If I was asked what would be my dream photography assignment/project, well what could be more serene than travelling to Tunisia and taking astrophotography over Luke Skywalker’s homestead from the original A New Hope set. Well it seems hardcore Star Wars fan and photojournalist Gary He got that exact assignment for Wired Magazine. He was tasked with photographing a total six film set locations.
This one is truly a ‘bucket list’ shot for any ardent Star Wars fan with a passion for astronomy and photography…especially me!
A beautifully composed ‘pre-sunset’ shot of The Lars homestead exterior dubbed ‘The Igloo’ on the El-Jerid salt flats in Tunisia
Another stunning photography by Gary He, all you have to do with this one is pipe up the John Williams Binary Sunset theme and just imagine two suns, and it’s almost like you’re there.
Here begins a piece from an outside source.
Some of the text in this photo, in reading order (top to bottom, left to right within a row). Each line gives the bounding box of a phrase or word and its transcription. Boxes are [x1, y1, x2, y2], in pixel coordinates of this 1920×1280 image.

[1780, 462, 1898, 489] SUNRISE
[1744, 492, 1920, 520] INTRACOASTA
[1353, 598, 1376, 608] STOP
The Restored Lars Homestead “Igloo” by the Save The Lars Homestead in 2012 Chott El-Jerid Tunisia
The home of Ben Kenobi, now a fisherman’s shack on the island of Djerba – Tunisia
You can almost hear Aunt Beru calling Luke’s name at the Hotel Sidi Driss in Matmata, Tunisia. The hotel is a working hotel and was used for the interior scenes of the Lars homestead, also fans can stay the night and sleep in the Lars dining room…hot blue milk for get you off to sleep 🙂
You can book the room by calling Hotel Sidi Driss direct on
Tel (00 216) 75 240 005 (UK International Code in brackets)
To see how big a Star Wars fan Gary He actually is, check out some of his social media posts, especially the one of him packing a Vader and Kylo Ren helmet for his trip, or the one in which he got his Darth Vader lightsabre confiscated at Cairo airport because they thought it was a legit weapon… a true fan!
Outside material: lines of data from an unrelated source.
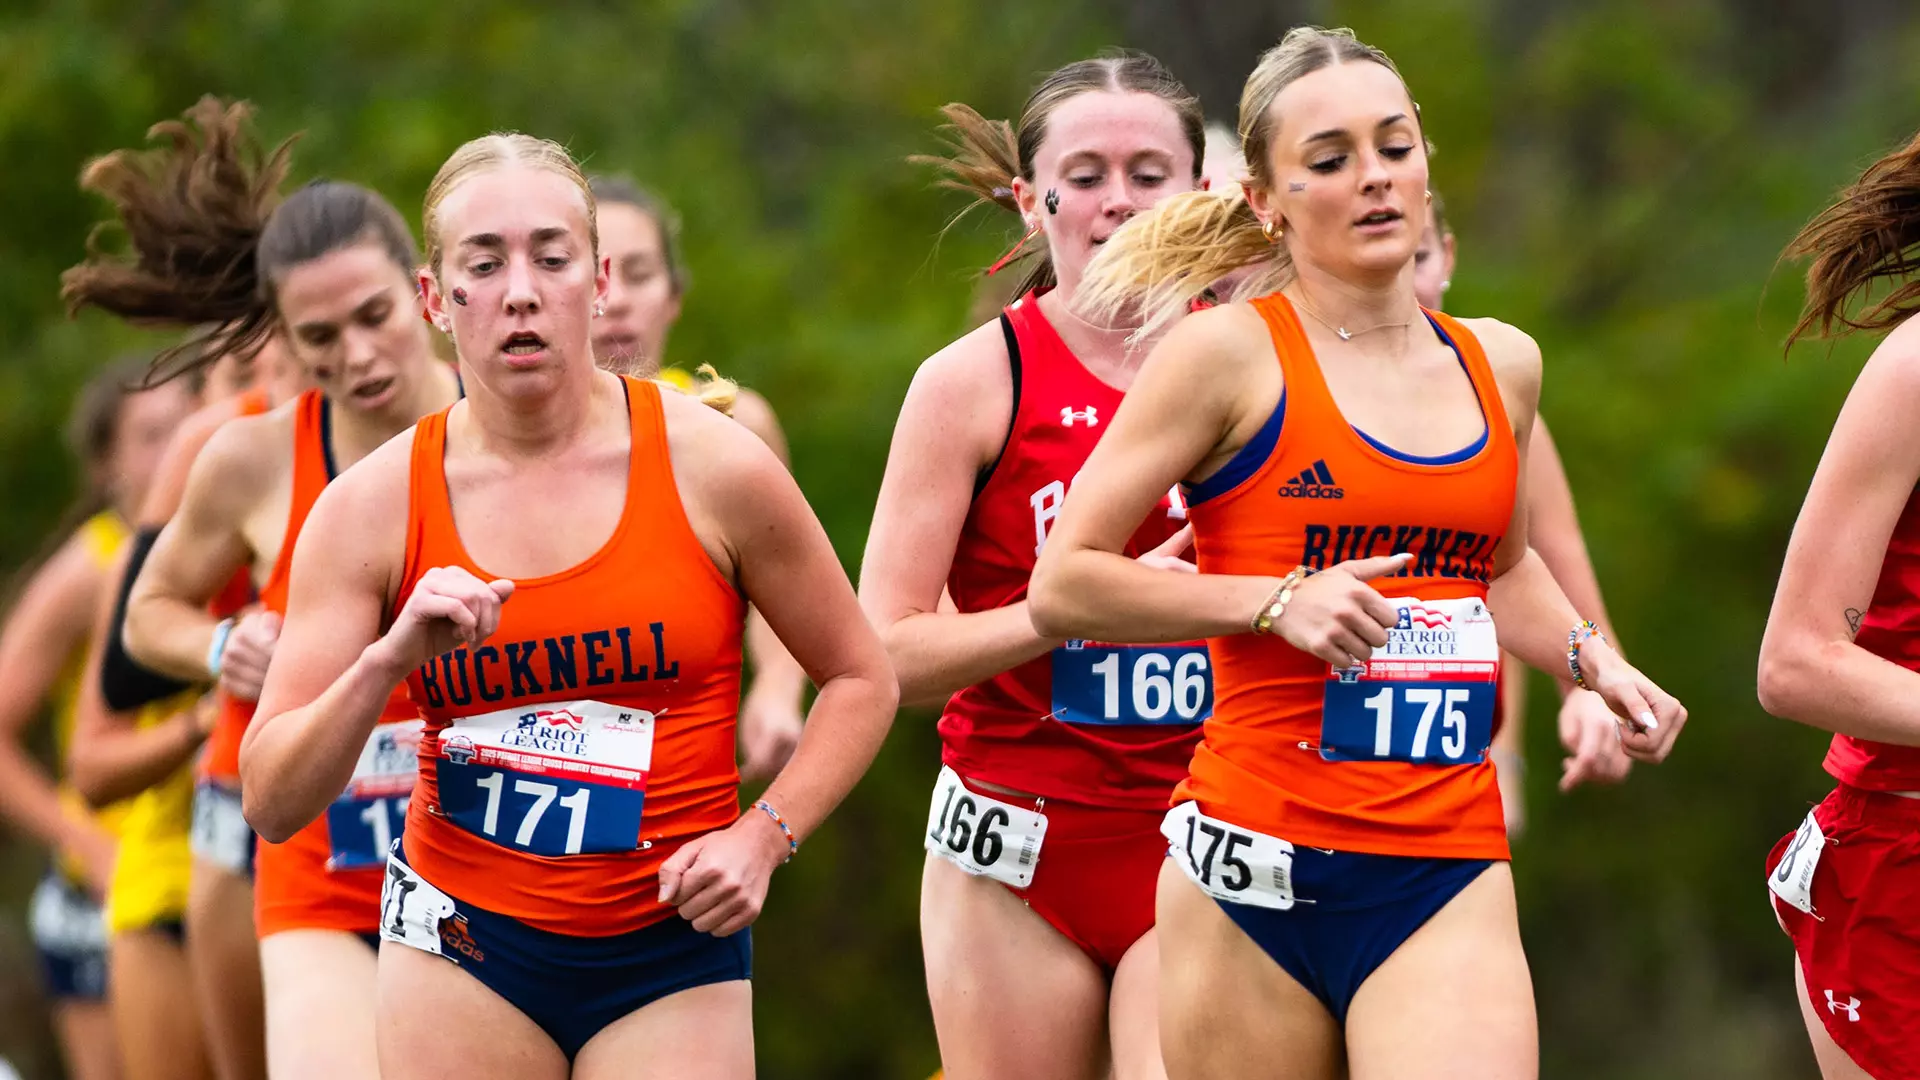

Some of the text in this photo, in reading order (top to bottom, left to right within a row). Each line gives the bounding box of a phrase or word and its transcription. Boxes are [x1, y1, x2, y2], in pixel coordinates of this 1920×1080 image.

[1278, 484, 1345, 499] adidas
[420, 621, 680, 709] BUCKNELL
[1386, 643, 1459, 655] LEAGUE
[1387, 630, 1458, 643] PATRIOT
[1091, 651, 1208, 720] 166
[500, 733, 588, 757] LEAGUE
[1364, 686, 1471, 759] 175
[476, 770, 592, 855] 171
[930, 784, 1010, 867] 166
[1186, 815, 1254, 892] 175
All Photographs are copyright Gary He ©2015
Extract from the Wired article and further photos from Gary’s visit.
TATOOINE IS MORE than the home of Anakin Skywalker and his son Luke, Jabba the Hutt, Jawas and whatever Watto is. It is a place you can visit, in Tunisia, and a popular destination for hardcore fans like photojournalist Gary He. He was there just last week, photographing six locations featured in the original trilogy and the prequels.
How big a fan is he? Well, let’s just say opening day of The Phantom Menace, He showed up to high school in full-on Darth Maul make up. It’s safe to say he’s obsessed with the films. So the photographer simply had to see the most famous planet in the Star Wars universe. “It’s the first one that you’re introduced to, it has the most screen time, and it’s the hero’s home world, so it’s natural to want to visit that planet,” he says.
Tatooine is the only planet to appear in five of the six films released thus far. It got its name from the Tunisian city of Tatouine, though no filming occurred there. Crews worked in locations around southern Tunisia, and even now you can find iconic spots like Anakin Skywalker’s home, Obi-Wan Kenobi’s hovel, the Lars homestead and the Mos Eisley Cantina. Locations are well-documented online and of course there’s a Google map, so He had little trouble scouting locations after making the 4,000-mile flight from New York.
Aside from the must-have tourist photos, He shot some locations at night to give the scenes some atmosphere. The Lars homestead exterior dome, located in the Chott el Djerid salt flat, was the most remote, and He waited until dusk to get the classic Luke-gazing-into-the-sunset shot. He finished up just before the police ran him off. “Generally, only scum and villainy hang out in the middle of the desert at night,” he says.
Despite frequent tourists, Tunisia isn’t particularly flashy about its Star Wars pit stops. The Hotel Sidi Driss, which provided interior shots of the Lars’ home, has a hodgepodge of pictures and magazines clippings. The photographer found artists selling watercolors for a few dinar at Ksar Ouled Sultane, a granary that subbed as slaves quarters of Mos Espa in The Phantom Menace. When asked, most people said they hadn’t seen any of the films, but many recognized the crazy tourists wearing robes and wielding lightsabers.
The Ong Jemel location is another Mos Espa site where locals try to appeal to passing tourists. A group of people take turns staying there, offering trinkets to sightseers. There’s also a rudimentary, if not entirely correct, display featuring three broomlike stands holding robes, one with a blue lightsaber and the other with a katana. “Let’s be very clear about this,” He says. “Nobody who has ever watched Star Wars would ever attach a ninja sword onto an Obi Wan Kenobi scarecrow.”
Visits have been down amidst fears of terrorism, and some movie locations are looking a bit rough at the edges. Although ardent fans restored the Lars homestead in 2012, others are now decaying or used for other things. That made visiting Tatooine that much more special for He, who felt delighted and overwhelmed with nostalgia. “Imagine being able to walk up to Star Wars, touch it, and even live in it, which you can do for a night at Hotel Sidi Driss,” he says. “That was this trip.”